Diminished pulmonary lecithin synthesis in acidosis: experimental findings as related to the respiratory distress syndrome.

Lung slices from term fetal rats were incubated in vitro at various pH values and the rates of the two de novo pathways for lecithin biosynthesis were determined by measuring the conversion of either 14C-choline (pathway 1) or 14C-methionine (pathway 2) to the phospholipid.
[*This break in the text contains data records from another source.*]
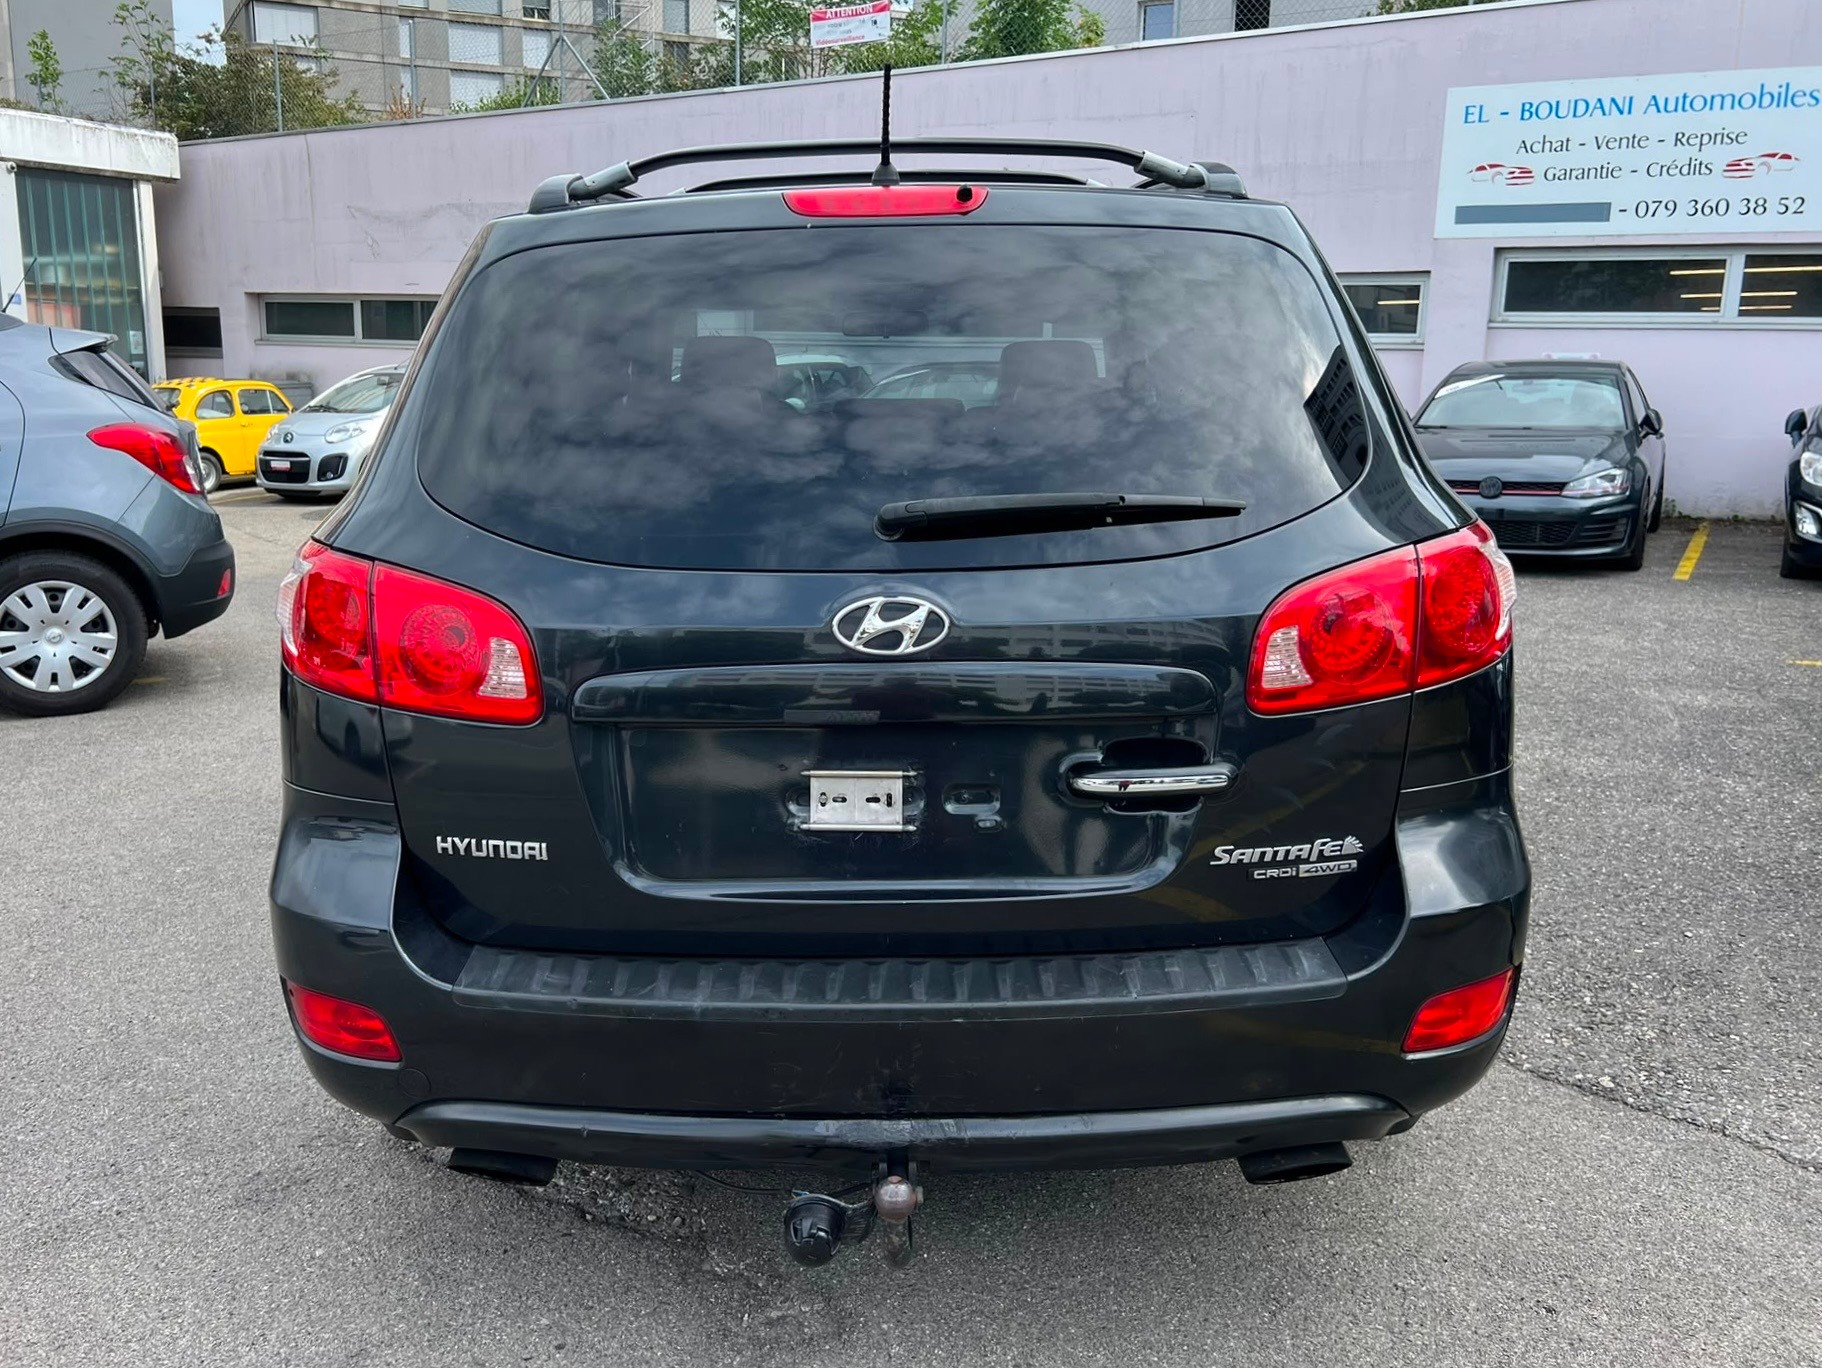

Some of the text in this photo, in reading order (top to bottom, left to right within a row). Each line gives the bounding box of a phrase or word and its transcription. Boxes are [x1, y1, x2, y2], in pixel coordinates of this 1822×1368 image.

[826, 5, 873, 19] ATTENTION
[1463, 104, 1490, 124] EL
[1519, 96, 1635, 121] BOUDANI
[1643, 82, 1821, 115] Automobiles
[1516, 134, 1572, 154] Achat
[1594, 133, 1649, 151] Vente
[1673, 127, 1748, 152] Reprise
[1543, 162, 1622, 182] Garantie
[1646, 157, 1713, 178] Crédits
[1635, 199, 1677, 218] 079
[1686, 198, 1730, 217] 360
[1738, 197, 1767, 216] 38
[1777, 196, 1806, 215] 52
[436, 835, 548, 860] HYUNDAI
[1253, 862, 1352, 879] CRDi 4WD
It was observed that the choline pathway, but not phosphatidylethanolamine methylation, is pH-sensitive with maximum rates occurring at pH levels between 7.3 and 7.5; significantly less activity was found at pH levels between 7.0 and 7.2 and at pH levels between 7.6 and 8.0. Adjustment of the pH from 7.0 to 7.4 in vitro simulating the clinical correction of acidosis by alkali infusion was found to increase the conversion of choline to lecithin to a rate approximating that observed at pH 7.4. Since lecithins are the principal phospholipid components of pulmonary surfactant, and since pathway 1 is predominantly responsible for lung lecithin synthesis, the demonstration of impaired production with reduced pH offers a biochemical explanation for the pathophysiological effects of acidosis in the respiratory distress syndrome. A comparison of pH effects on choline pathway rate with the pH profiles of pathway enzymes suggests that these effects are mediated by the catalysts of lecithin synthesis.